In the first scene, he takes you to his father's county house after seeing how crummy your hotel is. His room is small and in the attic. You promptly hit your head when you stand up from the bed. The other people in the house speak only Estonian. You nod and smile, practice a few hellos. You get a few phrases like “she’s pretty but old, " and "Is she rich?" He responds to their questions in such a rapid Estonian that you cannot follow it. When everyone laughs, you assume he has made some joke about you. At night, when you ask what he said, he doesn’t answer. He holds your hand but doesn't touch you until the last night.

That last night, he starts circling your arm with his fingers, dancing lightly on the skin, and then stops, asking you if you would to wait for him another year. He has to recover from his divorce. You say, yes, yes, of course. He stops touching you, turns over and sleeps.

In this version, he also asks you to marry him as he drives you to the airport. He asks as he tosses his cigarette out the window.

But it is none of these. Yes, there he is waiting, but he has no flowers. He's alone, but he's off to an editing project. He drops you off a few blocks from your hotel, leaving you to struggle along with the suitcase. He'll pick you up the next day so you can drive out to the countryside. And on this drive, you'll pretend nothing has changed. You will listen to his music, and watch him light seemingly endless cigarettes. You count twenty or thirty in the three hours you are together. You feel that you have worn the wrong clothes. Not feminine enough compared to the small skirts and high heels worn by the other women here. You brought too many clothes but they are all wrong.

It is a long day and he drops you off at the hotel without asking to see you again. You have to ask. He hedges, muttering something about work. The phone rings, he glances at it and frowns. Work, he says.
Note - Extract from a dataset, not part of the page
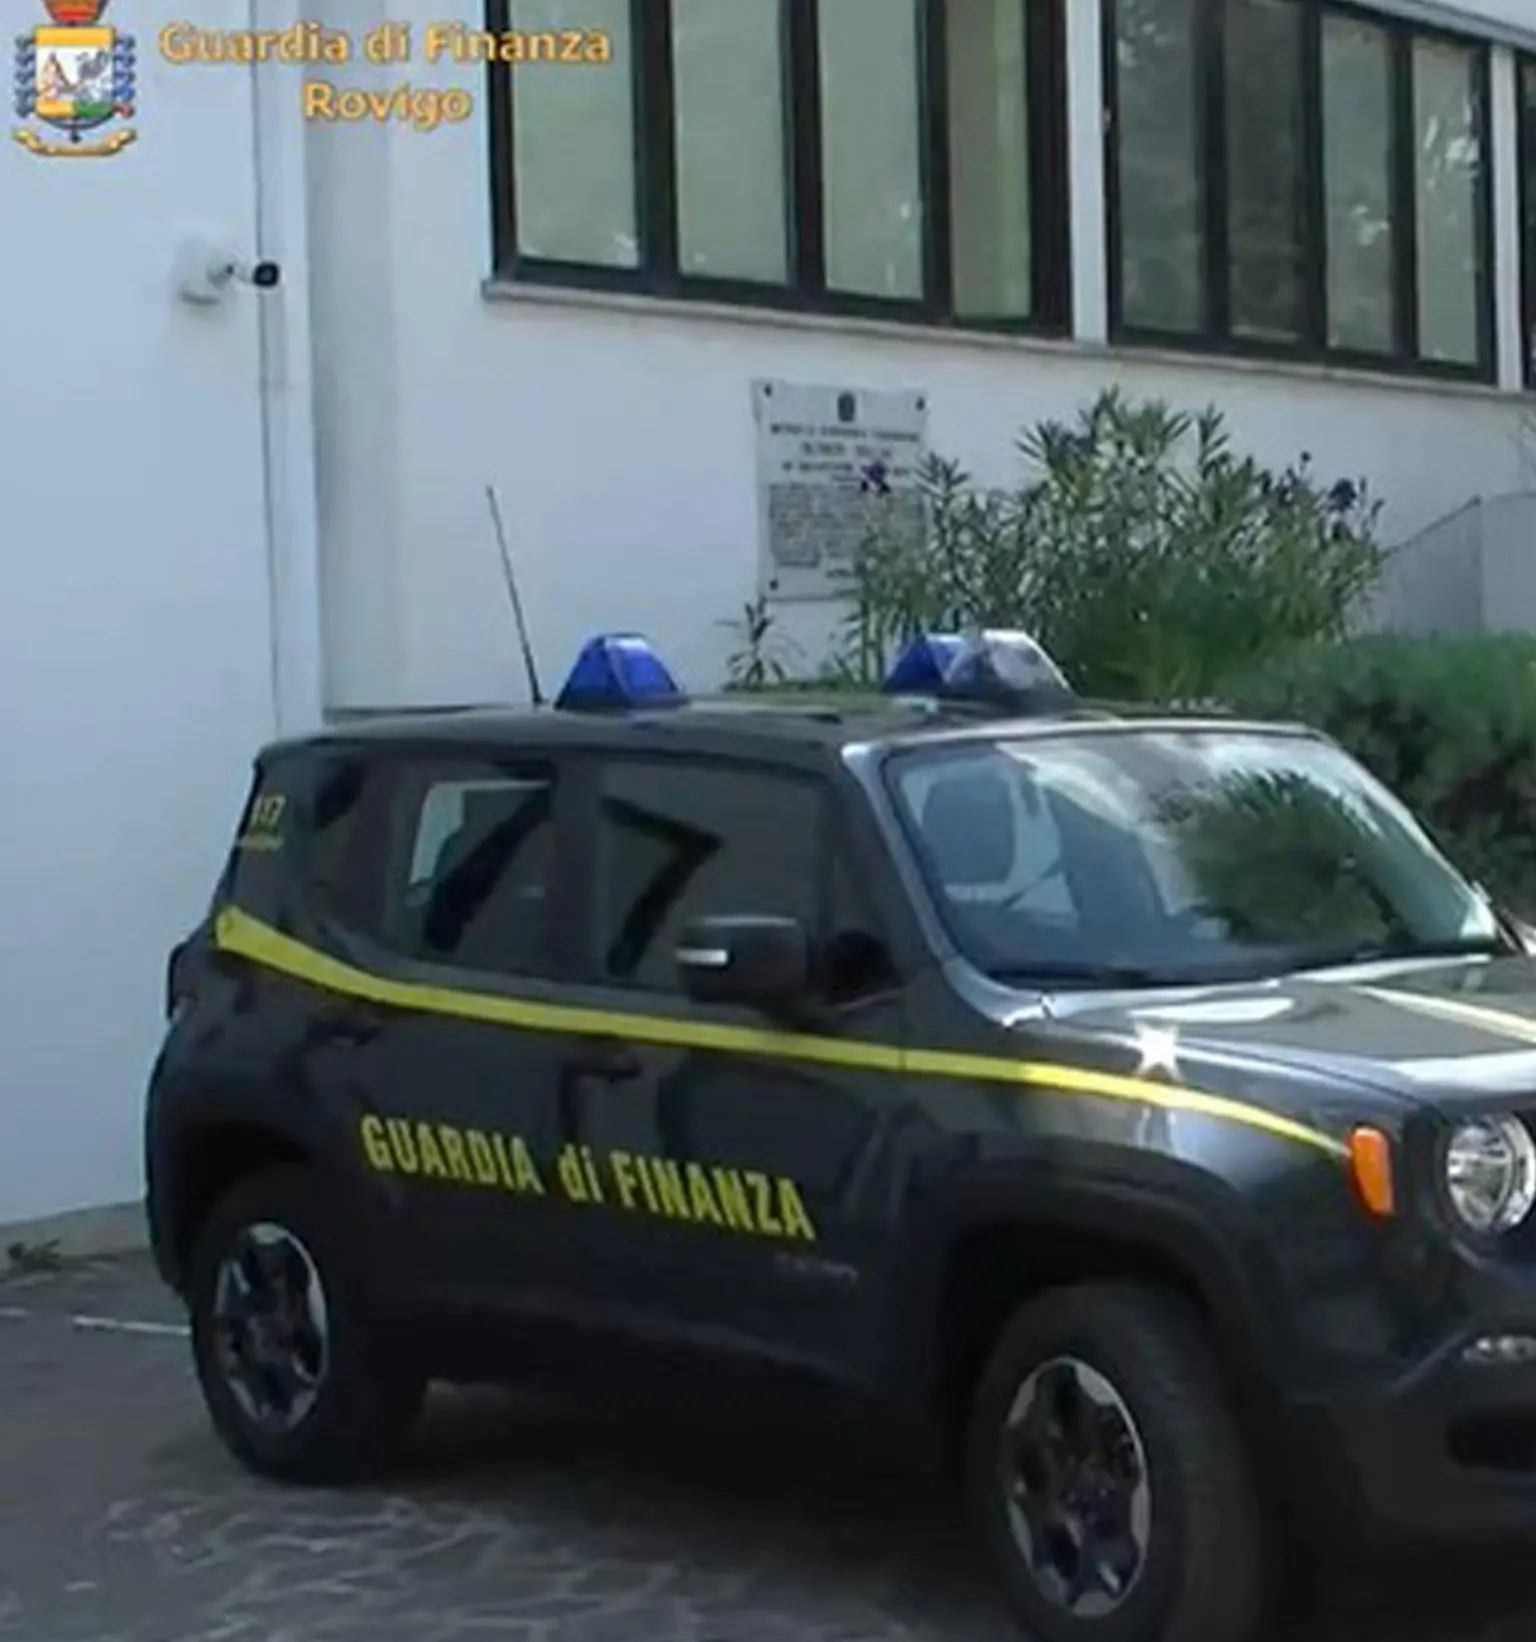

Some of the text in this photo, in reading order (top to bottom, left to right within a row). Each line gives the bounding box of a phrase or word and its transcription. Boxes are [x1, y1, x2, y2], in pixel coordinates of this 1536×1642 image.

[361, 1113, 816, 1241] GUARDIA di FINANZA
But he says the next day you can meet. He’ll take you to his father's country house.


Or perhaps it is the dream which is he spends each night with you, holding you in his arms, making love to you over and over. He spends each night with you in your hotel room. He whispers lovely words about you in the night, thinking you are asleep.
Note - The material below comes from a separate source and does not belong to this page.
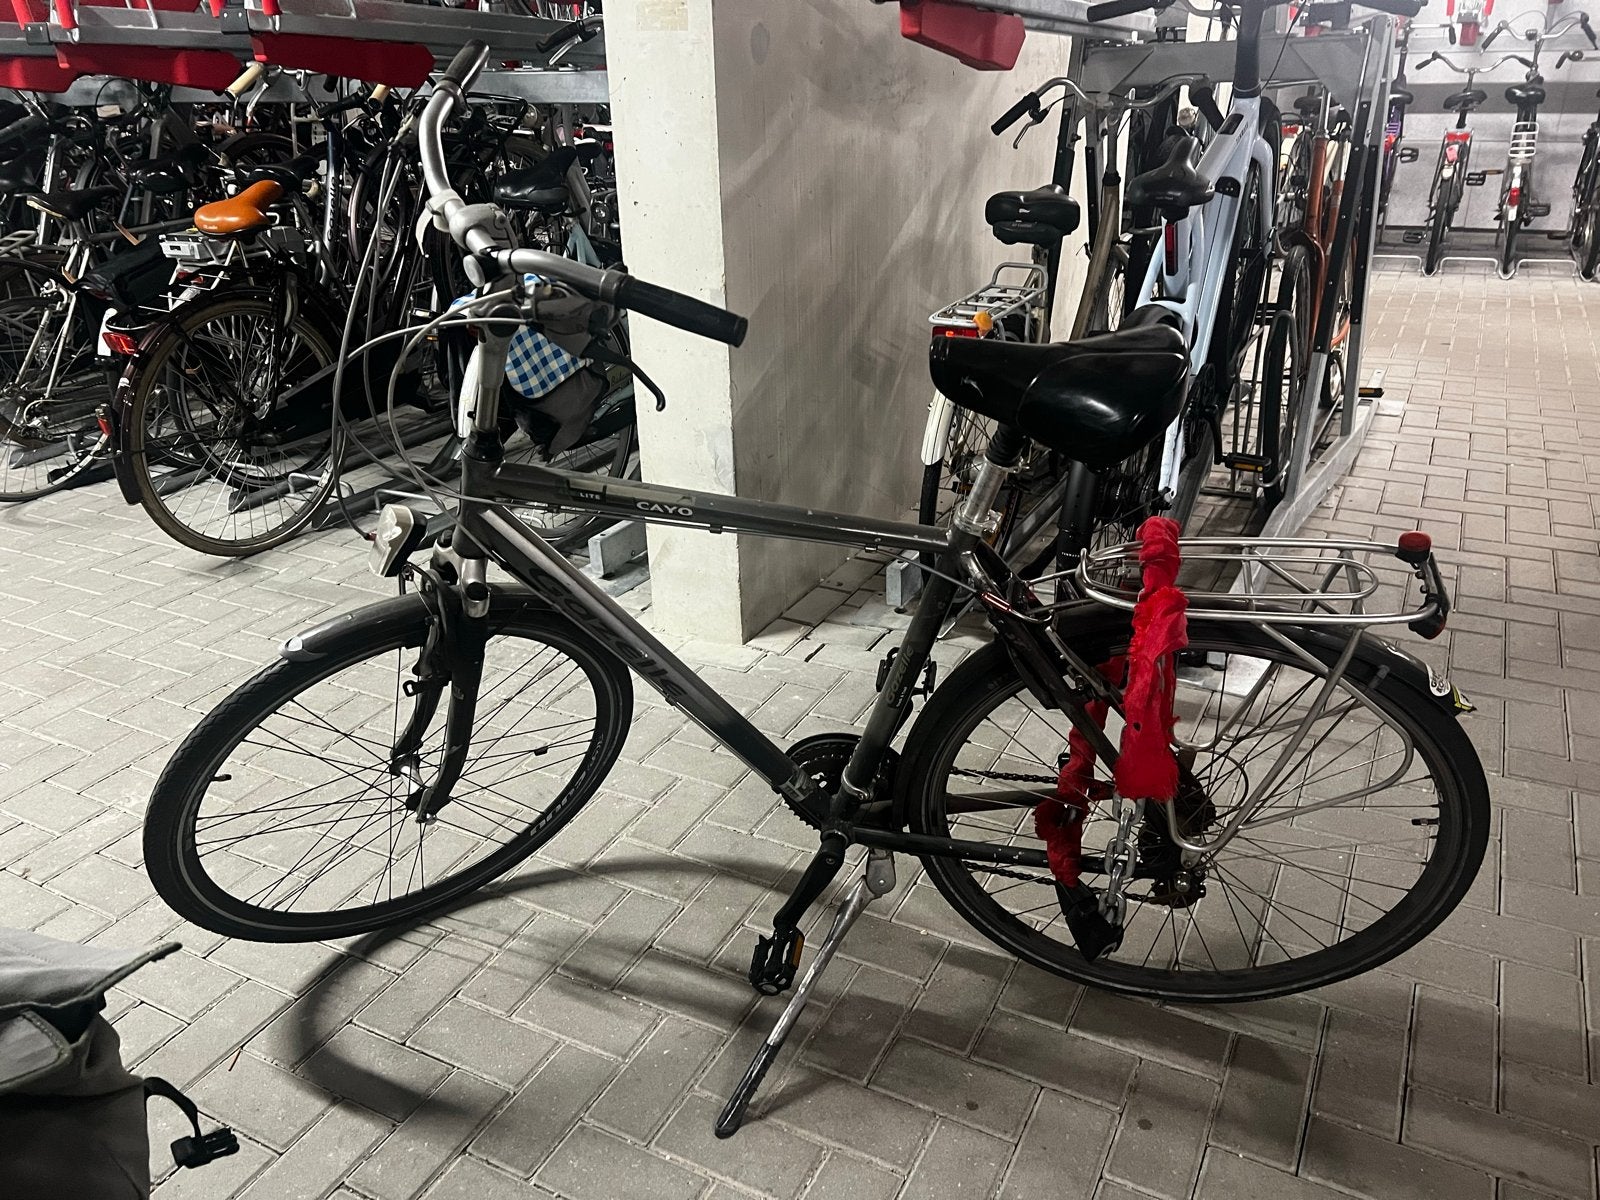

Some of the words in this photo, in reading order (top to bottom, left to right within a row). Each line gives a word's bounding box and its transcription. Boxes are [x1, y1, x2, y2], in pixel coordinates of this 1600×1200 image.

[579, 491, 601, 500] LITE
[636, 501, 694, 517] CAYO
[529, 568, 688, 697] Gazelle
[885, 644, 914, 704] Gazelle
Or it is none of these because you live still in the United States of America.

Saturday, October 10, 2009

untitled

ah! the red robin in the bamboo

glimmers like

his dark eyes

catch

the faintest taste of cinnamon on my lips

his lips on my neck brush this taste down to my collarbone

he catches the scent in his teeth

then looks at me

with the very slightest hint of terror

all this i see in the flash when he appears at my door.